I think I figured it out. If I'm right, it's so dumb.
By default subprocesses are line buffered. If we fill up the buffer and there's no newline, no output callbacks will ever happen. Yadda yadda yadda, completion callback won't get triggered.
I'm not really sure the cleanest / best way to deal with it. Will take some thought.
Maybe send data on buffer full even though it won't have a newline?
Edit: don't forget about the unit test referenced above. It's a simple reproducer for this.
Maybe send data on buffer full even though it won't have a newline?
That was my first thought. It would maybe be fine for a lot of users b/c they probably just send the buffer to printf("%s", buf);
but could result in some weird corner cases. Wish we could inform the user that this happened though.
Edit: don't forget about the unit test referenced above. It's a simple reproducer for this.
Yup, that's how I figured this out :-)
IMHO that's likely the proper fix.
FWIW I used that logic in sdexec output buffering. There didn't seem to be any other possible way to go.

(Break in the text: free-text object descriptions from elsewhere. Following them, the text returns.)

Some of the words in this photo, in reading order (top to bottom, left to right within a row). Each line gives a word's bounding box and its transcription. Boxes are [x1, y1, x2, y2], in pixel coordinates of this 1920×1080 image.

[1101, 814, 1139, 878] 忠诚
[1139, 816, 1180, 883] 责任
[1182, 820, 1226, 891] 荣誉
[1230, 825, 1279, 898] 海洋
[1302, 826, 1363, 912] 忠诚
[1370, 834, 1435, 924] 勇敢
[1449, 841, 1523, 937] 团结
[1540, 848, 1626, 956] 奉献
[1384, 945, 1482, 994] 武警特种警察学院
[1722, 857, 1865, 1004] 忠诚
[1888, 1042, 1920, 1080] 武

https://github.com/flux-framework/flux-core/blob/master/src/common/libsdexec/channel.c#L93
Ugh, when implementing what I think we should implement hit
# LOG: remote.c:460 remote_output_buffered(): Error buffering 128 bytes received from remote subprocess pid 3014323 stdout: No space left on device
The issue is the output cb is not called before a second attempt to put data into the buffer is done. Thus hitting this "we're out of space" error.
This is my debugging.
# LOG: remote.c:432 remote_output_buffered(): output buffered stdout 128
# LOG: remote.c:471 remote_output_buffered(): turn on prep check
# LOG: remote.c:179 remote_out_prep_cb(): prep stdout
# LOG: remote.c:432 remote_output_buffered(): output buffered stdout 128
so read 128 bytes into buffer, turn on prep/check, but for this "round" of the EV the check is skipped. prep turns on idle watcher, then a second 128 bytes is read and we hit the error.

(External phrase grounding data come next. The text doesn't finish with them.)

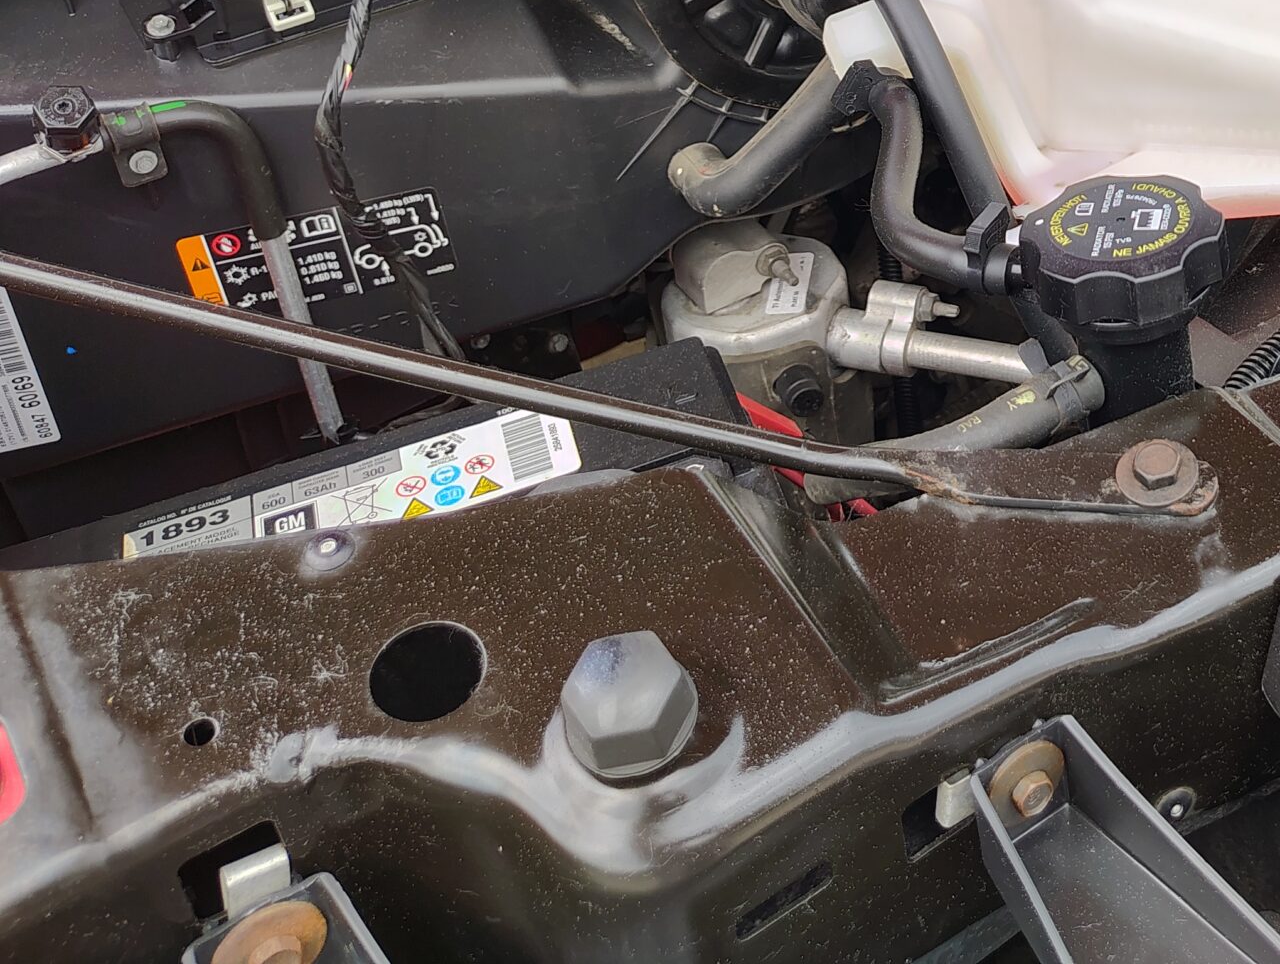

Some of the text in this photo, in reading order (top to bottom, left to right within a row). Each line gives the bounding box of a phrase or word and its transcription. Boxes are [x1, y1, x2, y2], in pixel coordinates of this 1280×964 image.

[1113, 248, 1132, 257] NE
[1136, 232, 1177, 254] JAMAIS
[297, 250, 337, 266] 1.410 kg
[300, 260, 340, 275] 0.810 kg
[330, 270, 343, 281] kg
[12, 375, 41, 409] 60/69
[362, 466, 385, 480] 300
[304, 482, 337, 497] 63Ah
[261, 497, 286, 511] 600
[138, 514, 167, 528] CATALOG
[140, 508, 231, 547] 1893
[275, 511, 306, 533] GM
[157, 537, 201, 554] ACEMENT

Perhaps an error is the best? Even if we do call the output cb, there's no guarantee the user will read data out of it. Will ponder a bit more.
I would think flushing the buffer immediately would be the answer.

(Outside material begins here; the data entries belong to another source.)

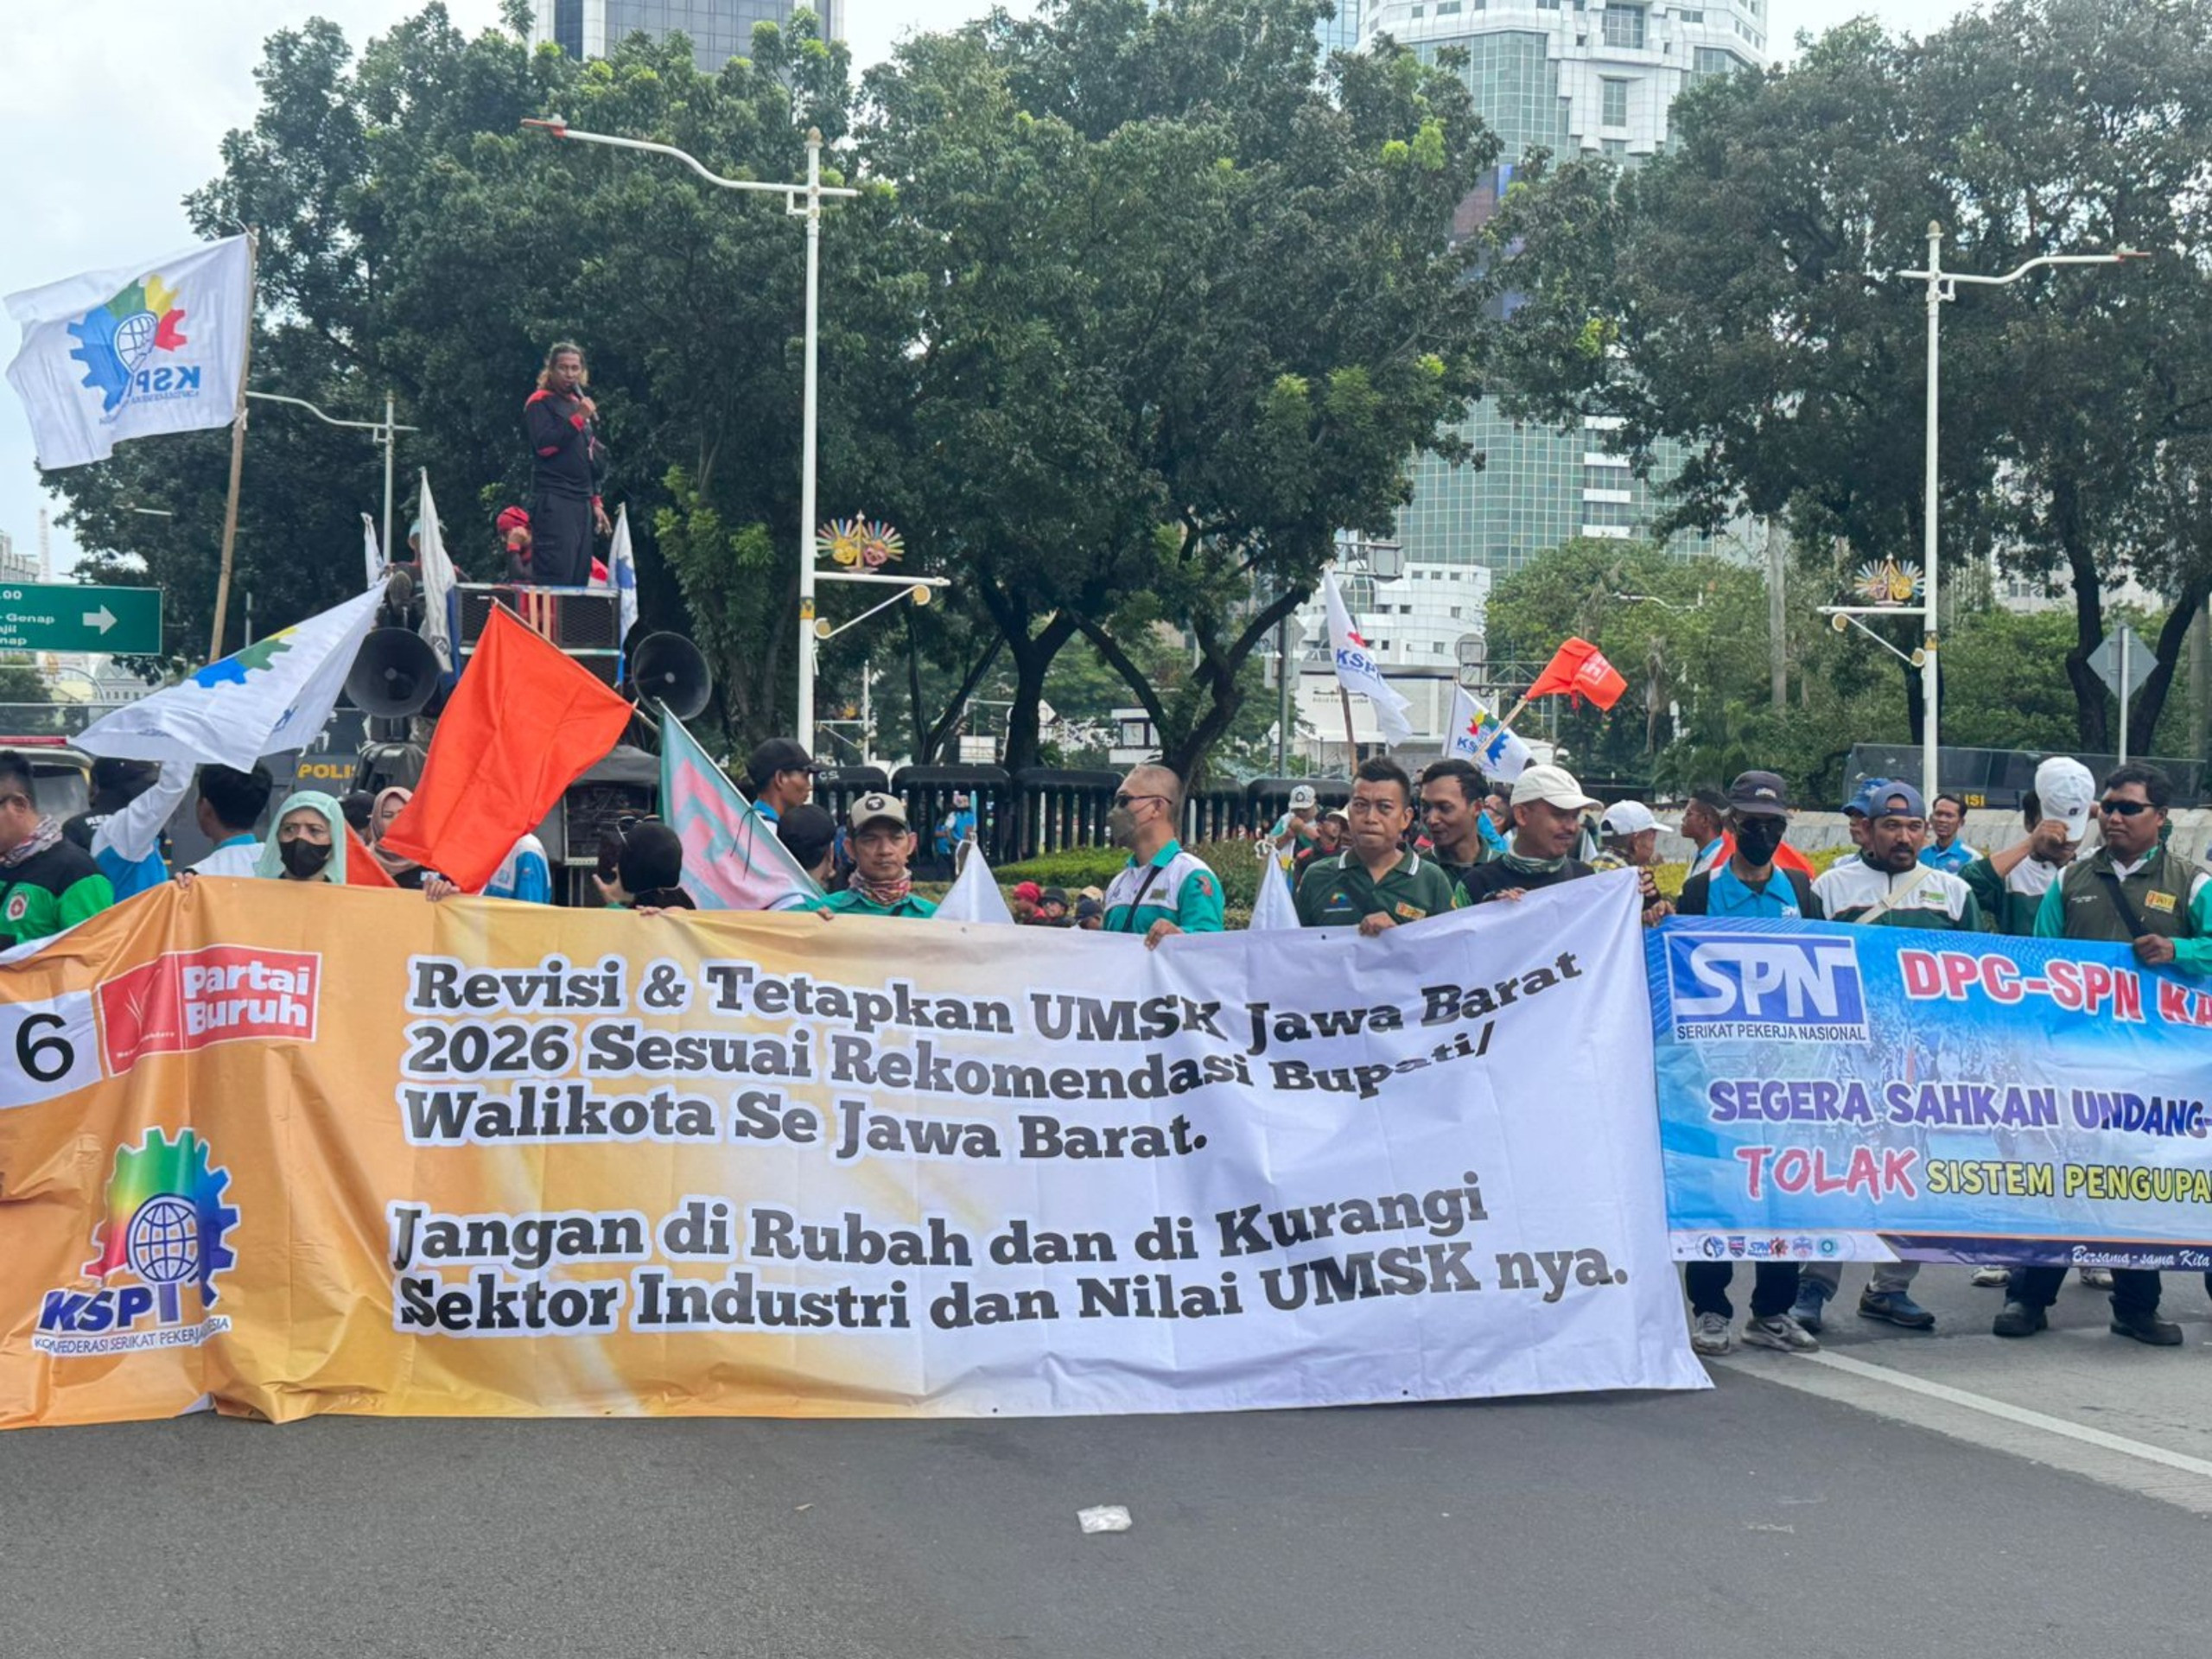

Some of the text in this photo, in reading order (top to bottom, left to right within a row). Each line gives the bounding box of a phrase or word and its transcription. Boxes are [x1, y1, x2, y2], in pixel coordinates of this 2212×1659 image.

[5, 613, 55, 626] Genap
[297, 763, 355, 779] POLI
[182, 960, 311, 1000] Partai
[412, 950, 1583, 1056] Revisi & Tetapkan UMSK Jawa Barat
[1675, 942, 1856, 1018] SPN
[1900, 950, 2143, 1020] DPC-SPN
[185, 995, 308, 1036] Buruh
[1677, 1023, 1866, 1041] SERIKAT PEKERJA NASIONAL
[16, 1013, 75, 1083] 6
[408, 1020, 1496, 1100] 2026 Sesuai Rekomendasi Bupati/
[404, 1085, 1208, 1160] Walikota Se Jawa Barat.
[1708, 1079, 2212, 1139] SEGERA SAHKAN UNDANG-
[1736, 1147, 1917, 1201] TOLAK
[1926, 1159, 2212, 1203] SISTEM PENGUPA
[393, 1170, 1489, 1272] Jangan di Rubah dan di Kurangi
[2178, 1249, 2210, 1268] Kita
[39, 1282, 180, 1332] KSPI
[400, 1242, 1630, 1332] Sektor Industri dan Nilai UMSK nya.
[35, 1326, 204, 1354] KONFEDERASI SERIKAT PEKERJ

yeah, i'm thinking an "emergency" call to the output callback for the user can be done. They get one attempt to get data out of the buffer. If they don't, we hit the error shown above.
Also requires that flux_subprocess_read_line()
(and friends) also can return a non-line. I really dislike this, thus wishing there was some type of &bool_is_this_really_a_line
in and out parameter. But this error is probably going to be rare enough, we can just live with.
Isn't it the same situation if EOF is reached without a line terminator? User gets an unterminated line?
Seems OK to me.
While working on something else, I noticed
t/shell/lptest 4000000 1000
worked as a job under flux butt/shell/lptest 5000000 1000
did not. The latter would just hang and produce no output.Only later did I realize I messed up. I should have done
t/shell/lptest 1000 4000000
(the first number is the length of a line, the second is the number of lines). So I was inadvertently creating > 4 meg lines.The > 4 meg line probably crossed some internal buffer / boundary somewhere, leading to problems. But no error messages here showing up.